One of our favorite—and most popular—columns at Brick Underground is Confessions of a Neighborhood Blogger, a Q&A with the fascinating chroniclers of the city's many neighborhoods. Increasingly, neighborhood blogs have taken the spot that local newspapers used to inhabit, breaking news that sometimes has yet to make larger publications. 

Last fall, we featured Ed García Conde, founder of Welcome2theBronx, a blog that has been tracing the many changes, good and bad, and celebrating the triumphs of his beloved borough. He told us about how the arrival of market-rate apartments—some pitched as higher end—has roiled communities and worried locals. "How do you justify putting in high-end developments in the poorest congressional district in the nation?" he shared with us back then. "We need so much more pressing needs to be taken care of than providing for a population that doesn't even exist yet." 

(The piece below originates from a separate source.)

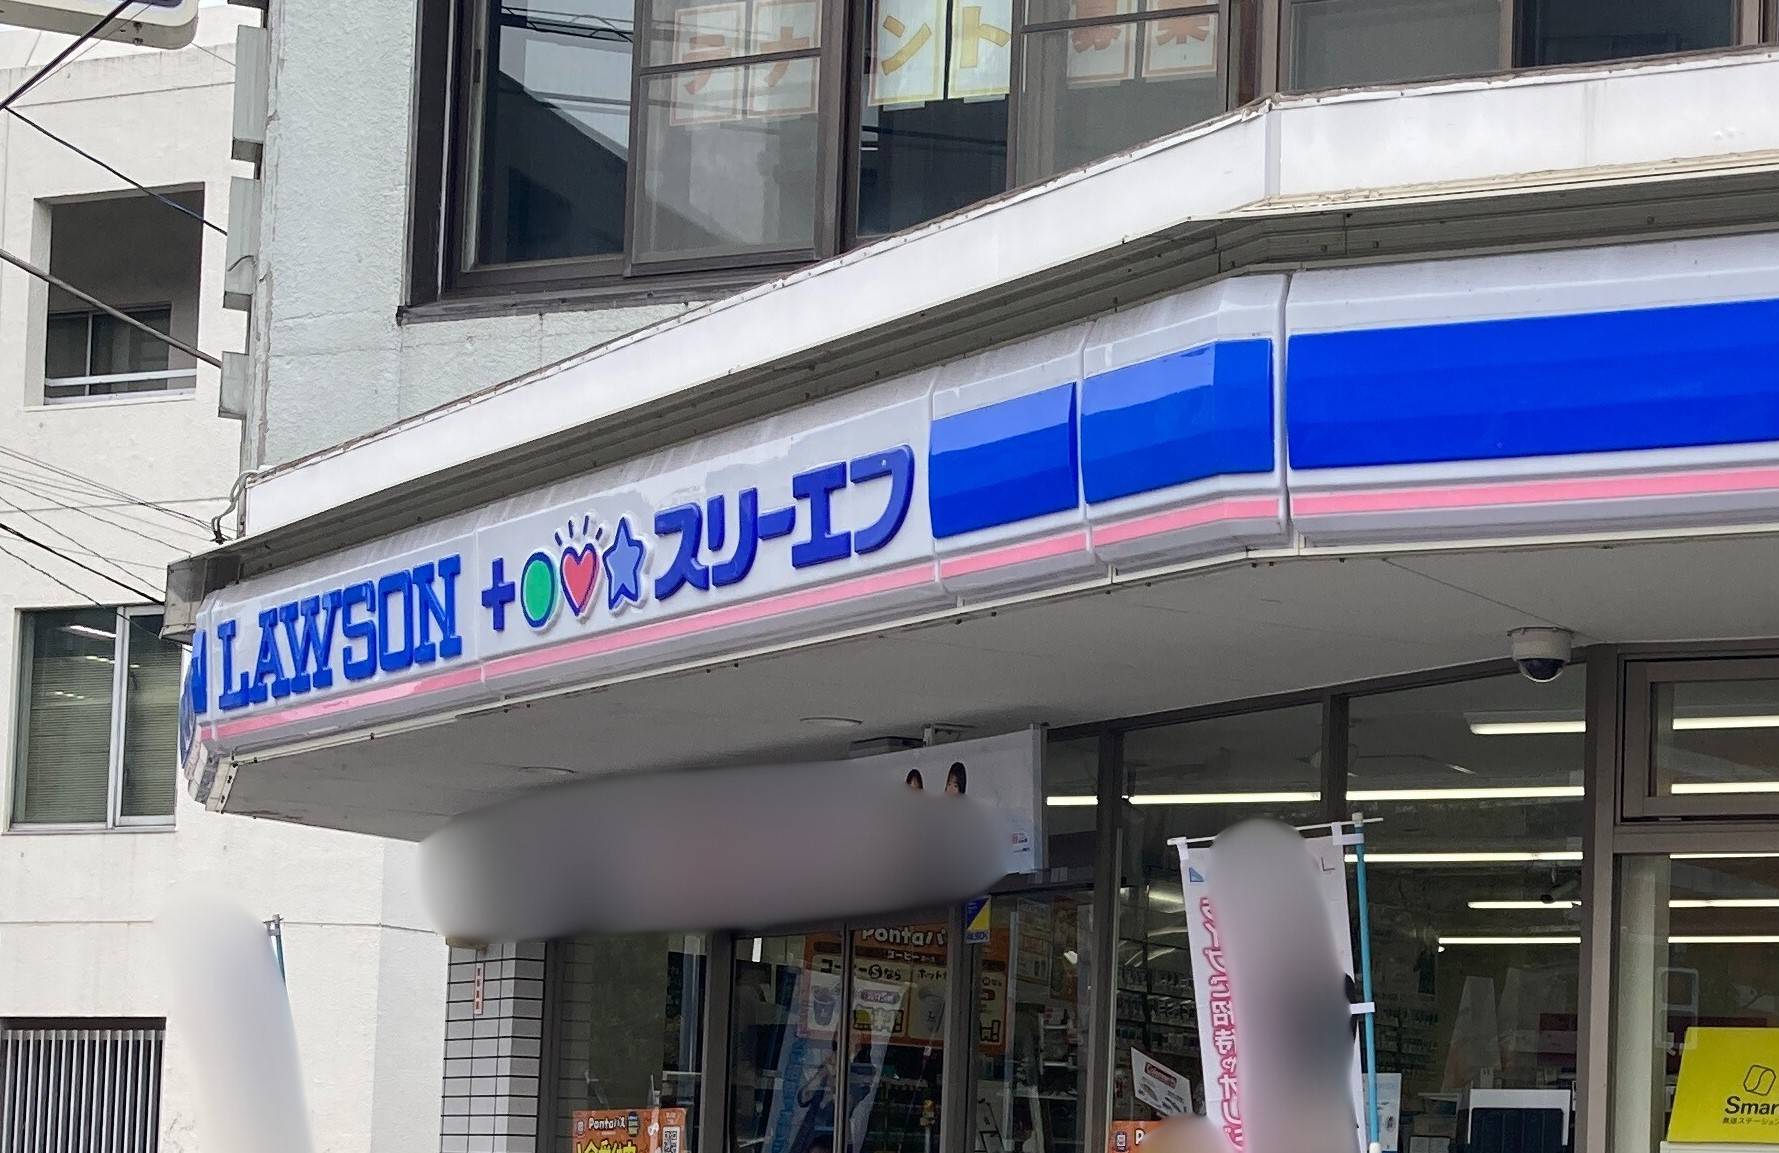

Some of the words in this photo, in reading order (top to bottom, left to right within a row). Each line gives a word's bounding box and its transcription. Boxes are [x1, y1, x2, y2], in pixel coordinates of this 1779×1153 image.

[217, 554, 462, 710] LAWSON
[654, 444, 914, 600] スリーエフ

We wanted to learn more about what it's like for residents in Melrose, his neighborhood, and the Bronx in general, so we headed to the Bronx Documentary Center for a sit-down with García Conde, who spoke of the responsibilities of neighborhood bloggers, how Welcome2theBronx started, the changes he has seen sweep the borough, why he wouldn't live anywhere else (even though, at one point, he "hated" it and tried living in many other parts of the city before returning), and the constant push-pull between locals and other stakeholders and the developers who have lately been making their presence known in the area. One of his biggest pet peeves? That there's "a 'burgeoning' art scene in the Bronx," an angle many writers use when covering the borough that he says he finds "offensive."

Explains García Conde: "That's false, on the premise that it's all of a sudden here. The Bronx has always created. The Bronx has always had artists." (As he puts it, "even when the Bronx was burning, that was the birth of hip-hop.")

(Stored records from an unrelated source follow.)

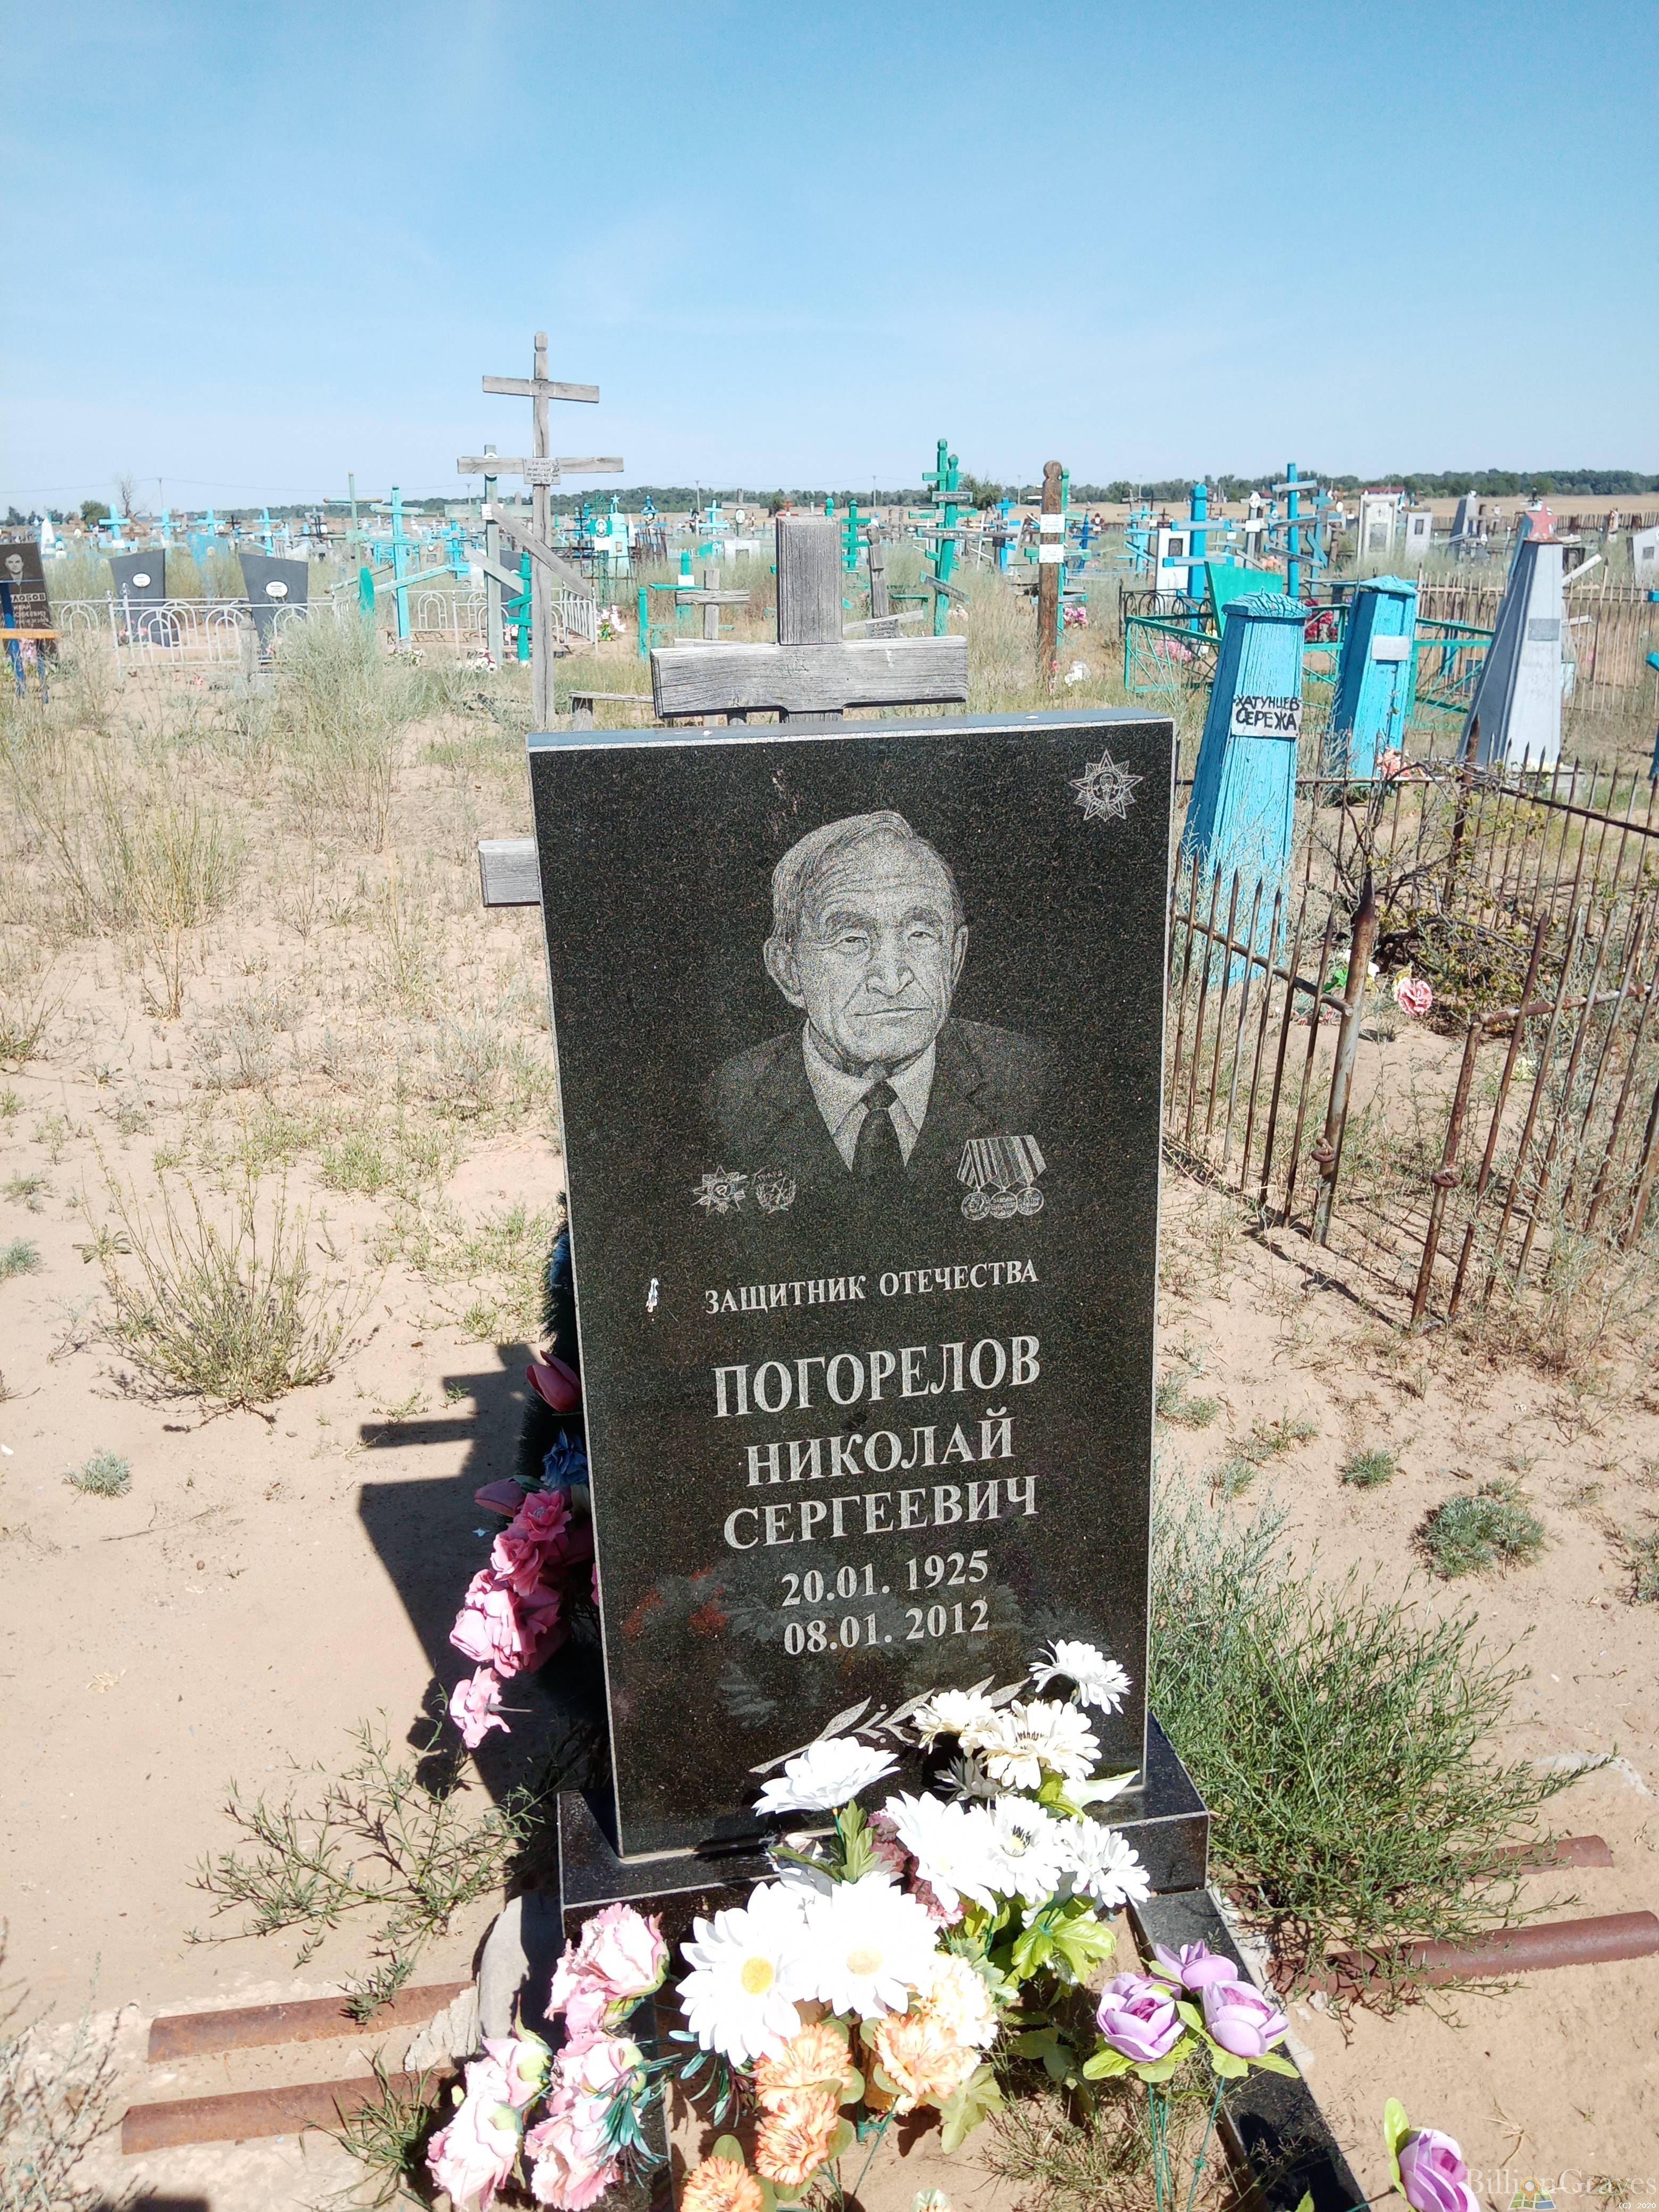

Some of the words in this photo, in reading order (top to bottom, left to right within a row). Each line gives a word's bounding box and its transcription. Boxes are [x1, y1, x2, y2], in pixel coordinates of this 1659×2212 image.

[1235, 694, 1300, 711] ХАТУНЦЕВ
[1236, 707, 1297, 731] СЕРЕЖА
[705, 1275, 866, 1314] ЗАЩИТНИК
[879, 1259, 1038, 1297] ОТЕЧЕСТВА
[712, 1335, 1040, 1418] ПОГОРЕЛОВ
[745, 1406, 1016, 1487] НИКОЛАЙ
[724, 1475, 1040, 1549] СЕРГЕЕВИЧ
[782, 1564, 890, 1607] 20.01.
[906, 1549, 989, 1591] 1925
[784, 1613, 892, 1655] 08.01.
[906, 1600, 990, 1640] 2012

For more, listen in (or download for later listening on our website, or via iTunes and Stitcher):

This podcast was produced by Jenny Falcon and Jhoanna Robledo. Special thanks to Ed García Conde and the Bronx Documentary Center for hosting us for the interview. (Check out their current photography exhibit, Whose Streets? Our Streets!: New York City, 1980-2000.And many thanks to all of you for listening in, and for your story suggestions.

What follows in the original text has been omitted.